Company Promises 'Seamless Parking Experience' In Exchange For The Permission To Track App Users All Over The Internet
from the pervasive-tracking?-yeah,-there's-an-app-for-that dept
Paying for parking should be simple. A driver exchanges money for space and time. End of discussion.
But it's never going to be that simple again. Not if tech companies like Metropolis Technologies can help it. Instead of paying for parking, drivers will be expected to allow the company to trail it all over the internet, across devices, and package up all this information and sell it to third parties.
You shouldn't need an app to park a car. Metropolis believes you do. And that's causing some friction in Southern California, where cars are everywhere and parking is limited. A dust up between Trader Joe's customers and a nearby lot began with a shopper being accosted by a lot attendant and ended with the retailer making it very clear it had no desire to make its customers download an app just to park their cars.
Colin Shanahan discovered this during a recent visit to the Trader Joe’s grocery store in Hollywood.
After parking his car in the garage — seldom an easy task, as any SoCal TJ’s customer will attest — he was instructed by an attendant to download an app to his phone, register for service and use that for payment.
“Not wanting to give some random app a ton of personal information, I declined,” the Hollywood resident told me.
The parking-lot attendant, he said, “let me off with a warning that I wouldn’t be so lucky next time.”
The response from Trader Joe's?
“This isn’t a TJ’s thing,” said Tara Miller, a Trader Joe’s spokesperson. “It’s being implemented by the landlord. We are a tenant in the building and are bound by the same parking validation system as other tenants.”
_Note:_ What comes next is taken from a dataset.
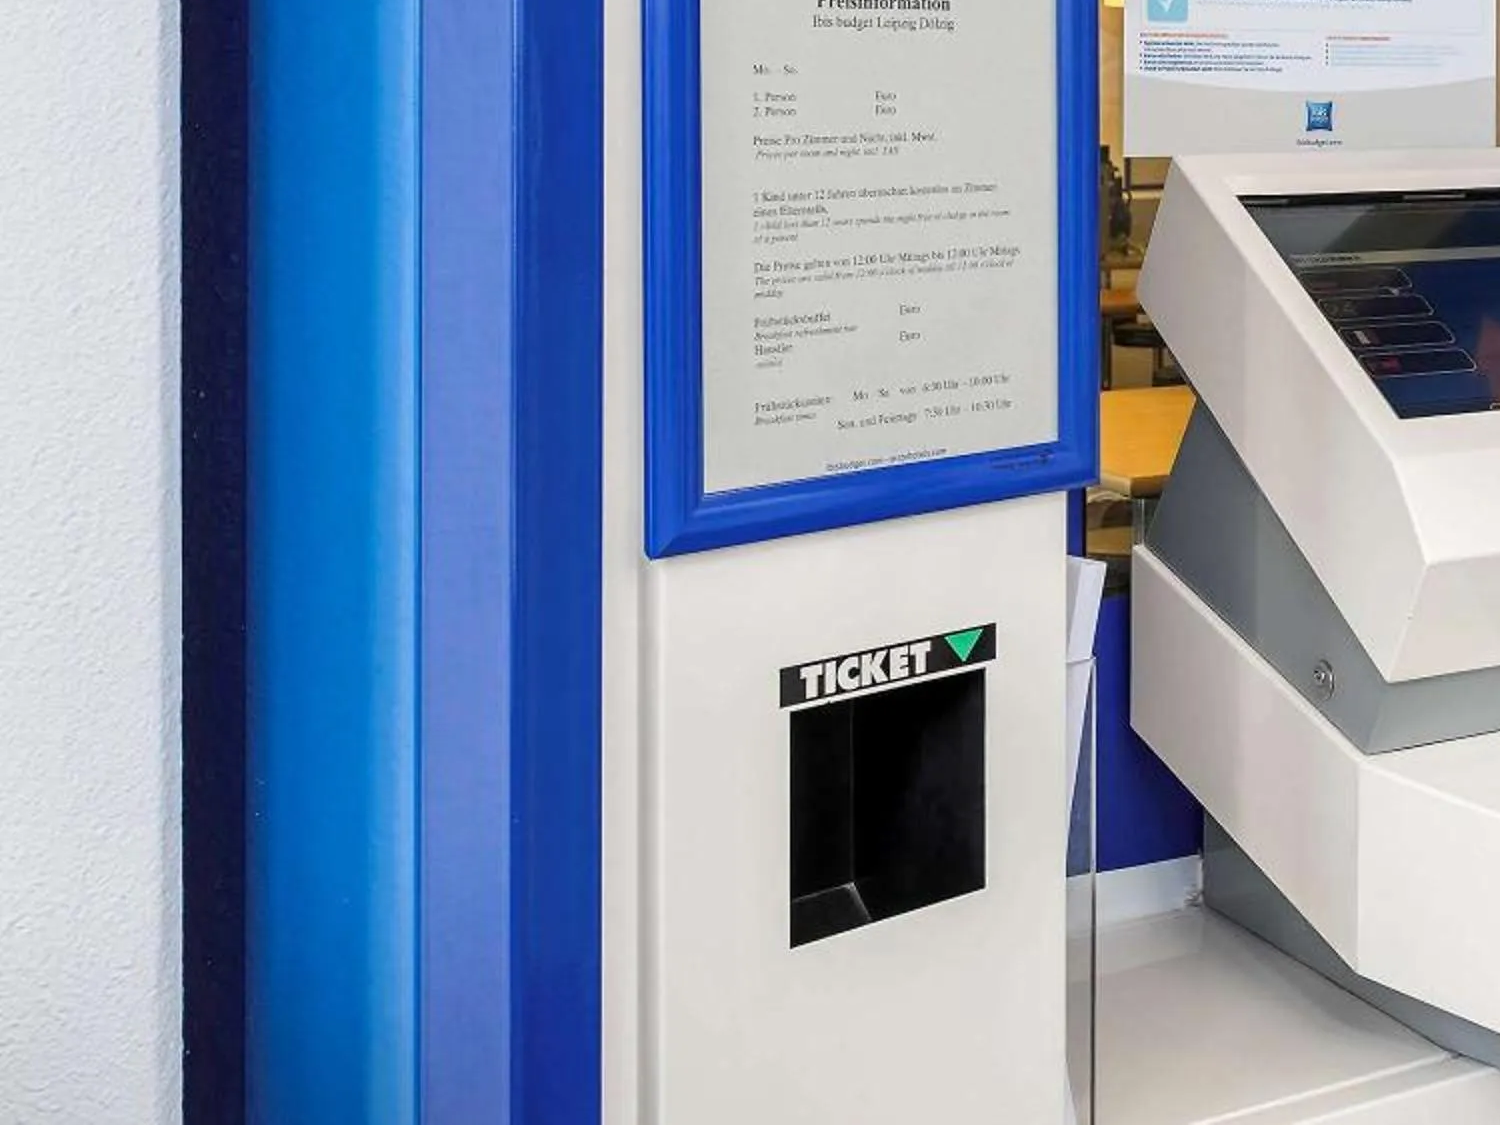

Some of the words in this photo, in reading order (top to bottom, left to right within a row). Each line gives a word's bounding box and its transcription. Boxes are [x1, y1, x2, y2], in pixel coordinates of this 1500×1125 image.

No, it's a Metropolis thing. The Venice, California company was formed in 2017 and offers the promise/threat of "parking reimagined" on its bright, shiny website.
The reimagination begins with the requirement of an app to park cars in lots "serviced" by Metropolis. The demands it makes from users (again, just in exchange for the dubious privilege of paying for parking along with additional "convenience" fees) starts with some expected info: name, phone number, credit card. These are all things that are expected from services requiring payment -- both to obtain the payments and to verify the legitimacy of linked accounts.
Then the list continues: email address, make, model and year of vehicle, license plate number. Again, these might be useful for validating parking and preventing fraud. But they're not strictly necessary. Metropolis believes this information is key and demands it.
The list of demands gets much longer once you install the app.
Metropolis says it may also collect your internet protocol address, which identifies your specific device on information networks, as well as your wireless service provider, browser, operating system and type of phone.
It reserves the right to monitor “pages that you visit before, during and after” using the company’s online parking validation, as well as “information about the links you click” and “information about the services you use.”
[...]
“Your browsing activity may be tracked across different websites and different devices or apps,” the policy says. “For example, we may attempt to match your browsing activity on your mobile device with your browsing activity on your laptop.
All of this to facilitate paying for parking. Obviously, Metropolis doesn't make its money from the "convenience" skim it collects from every transaction. This is where the real money is: pervasive tracking of a person's internet use and other habits across devices… all starting with an app that's just supposed to allow you to pay for temporary use of a parking space.
And it won't just be Metropolis tracking you. The app's 4,000-word terms of service policy also says third parties will be permitted to tag along like digital remora, helping themselves to whatever data comes floating downstream from the parking app produced by Metropolis. That information is also used to by these third parties to track users' activities across apps and devices specifically for the purpose of delivering targeted advertising.
David Lazarus, who wrote this up for the Los Angeles Times, was only able to get more corporatespeak when he asked for an explanation for what all of this has to do with parking.
[T]he spokesperson said the company “collects essential information to facilitate a seamless parking experience.”
The only thing seamless here is Metropolis' collection of information, almost all of which is not "essential" to a "seamless parking experience." (And what the hell is a "parking experience?" Your car does most of the "experiencing" and it's inanimate.)
But Metropolis will make inroads despite its illogical, privacy-invading take on parking because people have been trained to assume there's an app for everything, and anything that keeps them from having to open a wallet or purse is probably a net gain in the long run. There will be the doubters and pockets of resistance, but those on the fence who question the need for a parking app will be smacked in the eyes with a 4,000-word terms of use policy that most won't bother reading.
Most people aren't wrong to want or expect frictionless transactions. What's wrong is companies like Metropolis remove the friction in exchange for tons of information most people wouldn't willingly agree to hand over if the companies were upfront about what information they were gathering and what they planned to do with it. Pretending a densely worded novella-length privacy policy is the same thing as transparency is pure bullshit.